Clinical effects of the Collaborative Care Model on pulmonary function and quality of life in postoperative patients with lung cancer
DOI:
https://doi.org/10.12669/pjms.42.4.13278Keywords:
lung cancer; postoperative; Collaborative Care Model; pulmonary function; quality of lifeAbstract
Objective: To evaluate the clinical efficacy of the Collaborative Care Model (CoCM) in improving pulmonary function and quality of life in patients following lung cancer surgery.
Methodology: This was a retrospective study. Eighty patients who underwent radical lung cancer resection at Affiliated Hospital of Hebei University’s Department of Thoracic Surgery between January 2022 to June 2025 were enrolled and randomly assigned to the observation group(n= 40, received CoCM in addition to the standard postoperative care based on the control group) and the control group(n= 40, received standard postoperative care) according to their choice of postoperative nursing approach. Pulmonary function parameters, arterial blood gas(ABG) parameters, activities of daily living(ADL) were compared between the two groups.

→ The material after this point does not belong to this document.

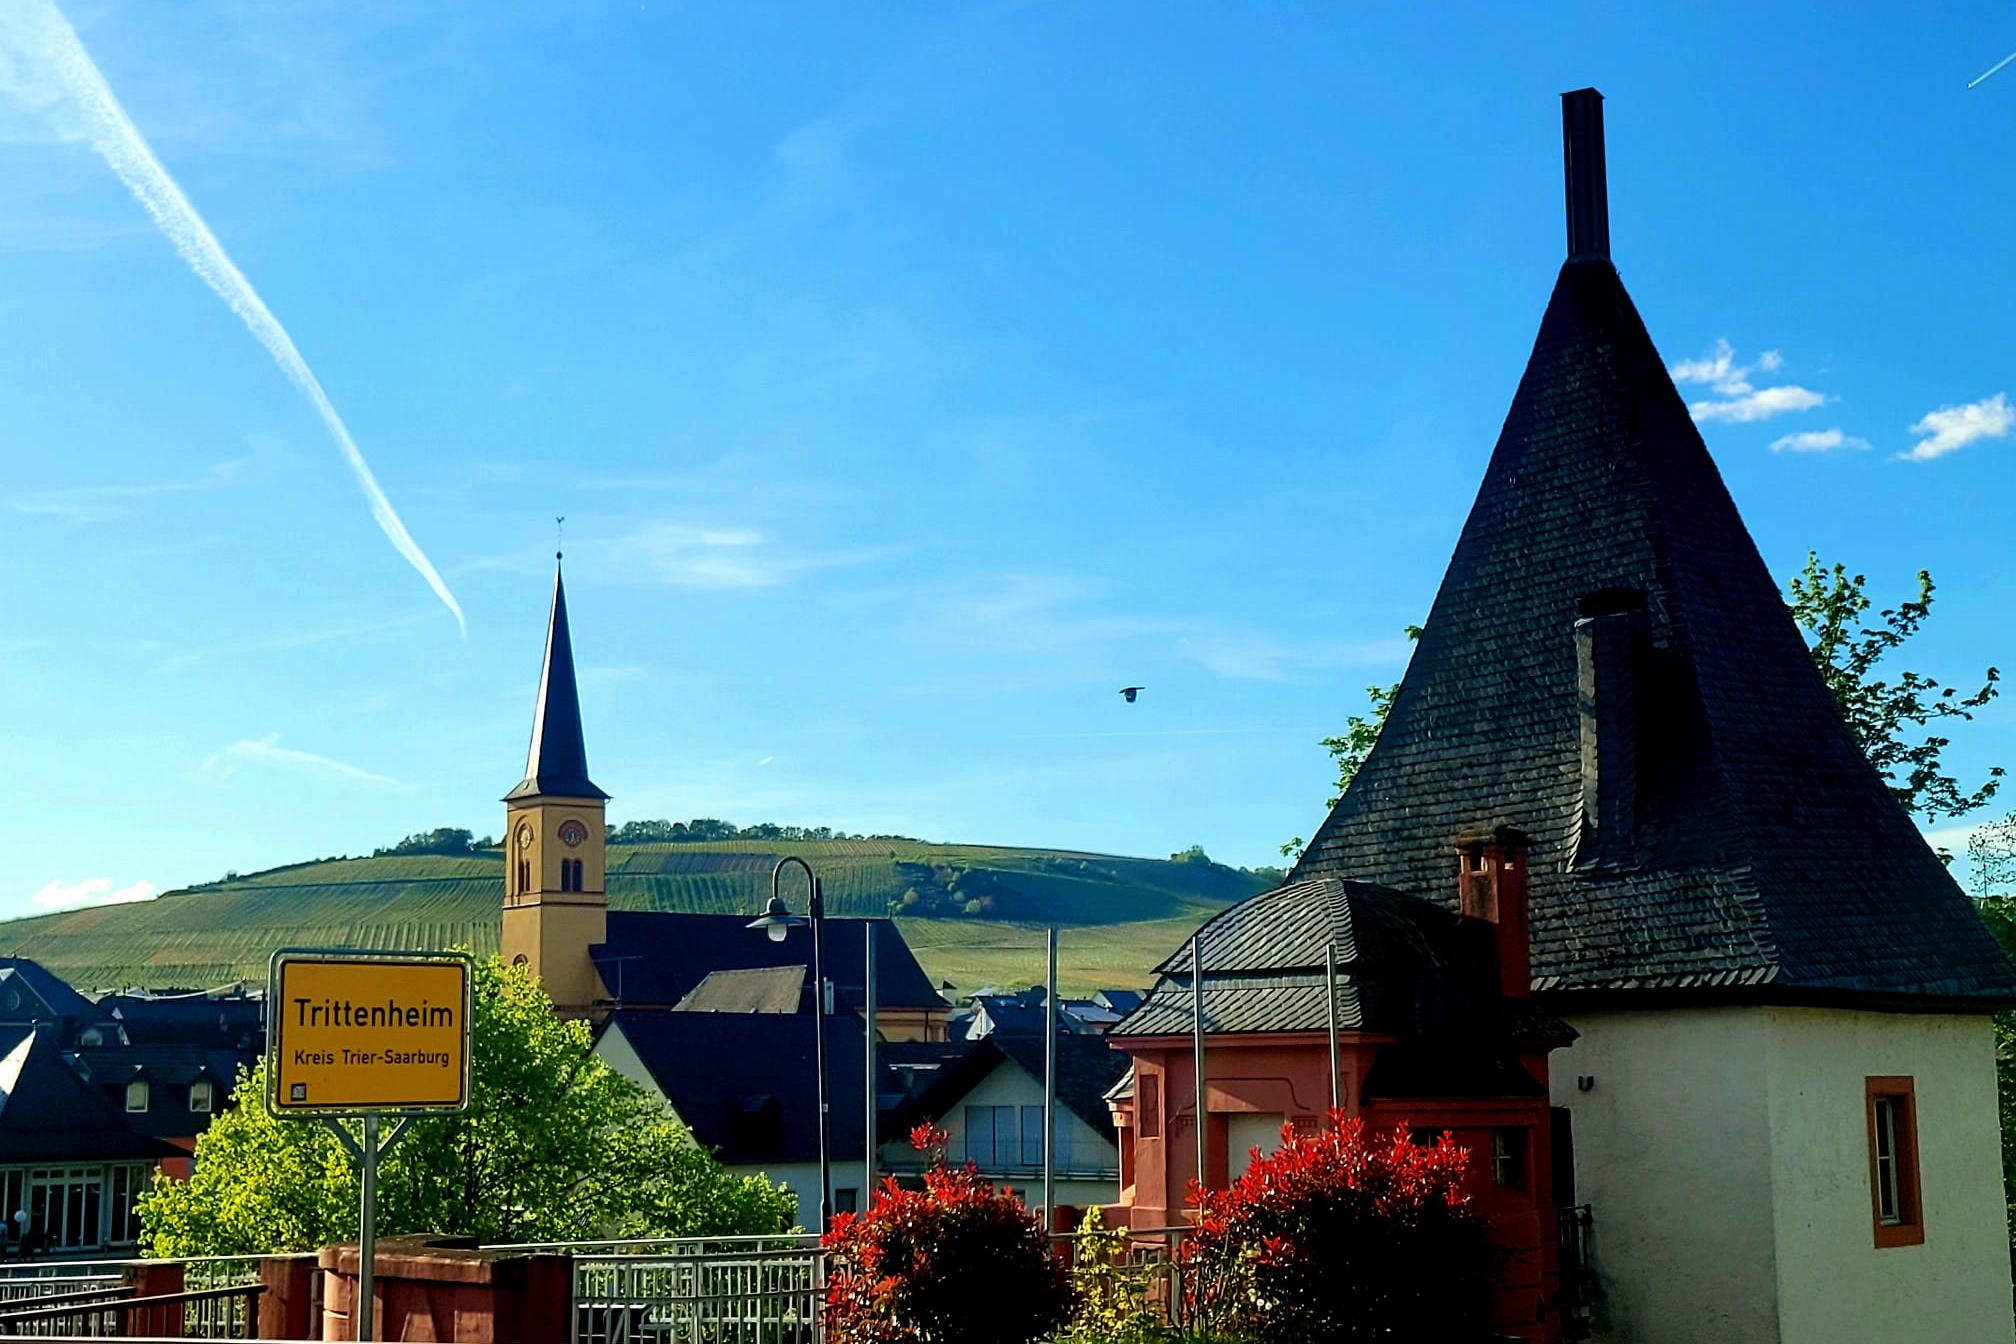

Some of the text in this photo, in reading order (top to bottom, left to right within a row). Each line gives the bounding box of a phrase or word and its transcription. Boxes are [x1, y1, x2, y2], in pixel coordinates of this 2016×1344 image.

[293, 998, 453, 1027] Trittenheim
[294, 1049, 450, 1068] Kreis Trier-Saarburg

Results: At seven days, one month, and three months post-intervention, pulmonary function parameters showed progressive improvement in both groups. The observation group demonstrated significantly greater improvements at each time point compared with the control group(P< 0.05, respectively). ABG parameters also improved over time in both groups, with the observation group exhibiting superior outcomes at all assessed intervals(P< 0.05, respectively). Both groups showed marked enhancement in ADL scores, with significantly greater improvements in the observation group(P< 0.05); Quality of life scores also increased significantly in both groups after one and three months, with the observation group achieving significantly more pronounced improvements than the control group(P< 0.05).
Conclusion: The implementation of CoCM for patients recovering from lung cancer surgery can significantly enhance pulmonary function and ABG while also improving ADL and quality of life.